[Saved data entries]
================

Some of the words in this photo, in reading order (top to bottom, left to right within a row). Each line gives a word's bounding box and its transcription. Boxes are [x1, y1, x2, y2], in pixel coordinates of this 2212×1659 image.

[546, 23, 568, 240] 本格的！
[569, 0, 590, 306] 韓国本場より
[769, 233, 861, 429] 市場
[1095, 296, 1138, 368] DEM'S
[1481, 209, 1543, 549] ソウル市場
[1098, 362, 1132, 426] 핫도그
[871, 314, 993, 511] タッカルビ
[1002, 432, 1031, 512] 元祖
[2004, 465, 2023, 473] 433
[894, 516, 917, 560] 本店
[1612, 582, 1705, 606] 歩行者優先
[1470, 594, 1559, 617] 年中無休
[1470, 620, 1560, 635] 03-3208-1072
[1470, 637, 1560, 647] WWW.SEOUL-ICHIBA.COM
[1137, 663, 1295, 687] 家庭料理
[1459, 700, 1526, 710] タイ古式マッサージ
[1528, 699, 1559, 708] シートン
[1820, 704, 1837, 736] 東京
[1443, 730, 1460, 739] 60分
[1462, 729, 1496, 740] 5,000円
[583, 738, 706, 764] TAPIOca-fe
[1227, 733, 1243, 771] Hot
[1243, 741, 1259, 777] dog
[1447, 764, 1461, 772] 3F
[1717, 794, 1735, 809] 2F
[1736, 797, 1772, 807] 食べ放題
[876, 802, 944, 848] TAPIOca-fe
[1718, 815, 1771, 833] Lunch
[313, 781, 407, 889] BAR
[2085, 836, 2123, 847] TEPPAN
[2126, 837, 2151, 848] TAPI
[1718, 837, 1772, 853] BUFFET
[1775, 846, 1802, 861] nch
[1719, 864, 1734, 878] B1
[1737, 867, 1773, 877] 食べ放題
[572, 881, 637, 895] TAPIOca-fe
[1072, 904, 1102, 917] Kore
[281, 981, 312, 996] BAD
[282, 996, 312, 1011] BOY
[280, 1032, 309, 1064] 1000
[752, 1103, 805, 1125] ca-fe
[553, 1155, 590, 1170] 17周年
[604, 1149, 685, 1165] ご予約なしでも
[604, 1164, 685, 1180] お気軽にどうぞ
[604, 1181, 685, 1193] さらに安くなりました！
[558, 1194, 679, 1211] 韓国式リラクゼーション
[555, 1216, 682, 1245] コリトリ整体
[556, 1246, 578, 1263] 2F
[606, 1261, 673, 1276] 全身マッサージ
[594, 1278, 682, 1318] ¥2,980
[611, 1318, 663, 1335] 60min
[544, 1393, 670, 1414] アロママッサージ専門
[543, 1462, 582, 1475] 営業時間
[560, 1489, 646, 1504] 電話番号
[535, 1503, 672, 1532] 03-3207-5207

================

A complete, exact repeat of the records is the required answer.

• SOLVED PROBLEM
Some of the words in this photo, in reading order (top to bottom, left to right within a row). Each line gives a word's bounding box and its transcription. Boxes are [x1, y1, x2, y2], in pixel coordinates of this 2212×1659 image.

[546, 23, 568, 240] 本格的！
[569, 0, 590, 306] 韓国本場より
[769, 233, 861, 429] 市場
[1095, 296, 1138, 368] DEM'S
[1481, 209, 1543, 549] ソウル市場
[1098, 362, 1132, 426] 핫도그
[871, 314, 993, 511] タッカルビ
[1002, 432, 1031, 512] 元祖
[2004, 465, 2023, 473] 433
[894, 516, 917, 560] 本店
[1612, 582, 1705, 606] 歩行者優先
[1470, 594, 1559, 617] 年中無休
[1470, 620, 1560, 635] 03-3208-1072
[1470, 637, 1560, 647] WWW.SEOUL-ICHIBA.COM
[1137, 663, 1295, 687] 家庭料理
[1459, 700, 1526, 710] タイ古式マッサージ
[1528, 699, 1559, 708] シートン
[1820, 704, 1837, 736] 東京
[1443, 730, 1460, 739] 60分
[1462, 729, 1496, 740] 5,000円
[583, 738, 706, 764] TAPIOca-fe
[1227, 733, 1243, 771] Hot
[1243, 741, 1259, 777] dog
[1447, 764, 1461, 772] 3F
[1717, 794, 1735, 809] 2F
[1736, 797, 1772, 807] 食べ放題
[876, 802, 944, 848] TAPIOca-fe
[1718, 815, 1771, 833] Lunch
[313, 781, 407, 889] BAR
[2085, 836, 2123, 847] TEPPAN
[2126, 837, 2151, 848] TAPI
[1718, 837, 1772, 853] BUFFET
[1775, 846, 1802, 861] nch
[1719, 864, 1734, 878] B1
[1737, 867, 1773, 877] 食べ放題
[572, 881, 637, 895] TAPIOca-fe
[1072, 904, 1102, 917] Kore
[281, 981, 312, 996] BAD
[282, 996, 312, 1011] BOY
[280, 1032, 309, 1064] 1000
[752, 1103, 805, 1125] ca-fe
[553, 1155, 590, 1170] 17周年
[604, 1149, 685, 1165] ご予約なしでも
[604, 1164, 685, 1180] お気軽にどうぞ
[604, 1181, 685, 1193] さらに安くなりました！
[558, 1194, 679, 1211] 韓国式リラクゼーション
[555, 1216, 682, 1245] コリトリ整体
[556, 1246, 578, 1263] 2F
[606, 1261, 673, 1276] 全身マッサージ
[594, 1278, 682, 1318] ¥2,980
[611, 1318, 663, 1335] 60min
[544, 1393, 670, 1414] アロママッサージ専門
[543, 1462, 582, 1475] 営業時間
[560, 1489, 646, 1504] 電話番号
[535, 1503, 672, 1532] 03-3207-5207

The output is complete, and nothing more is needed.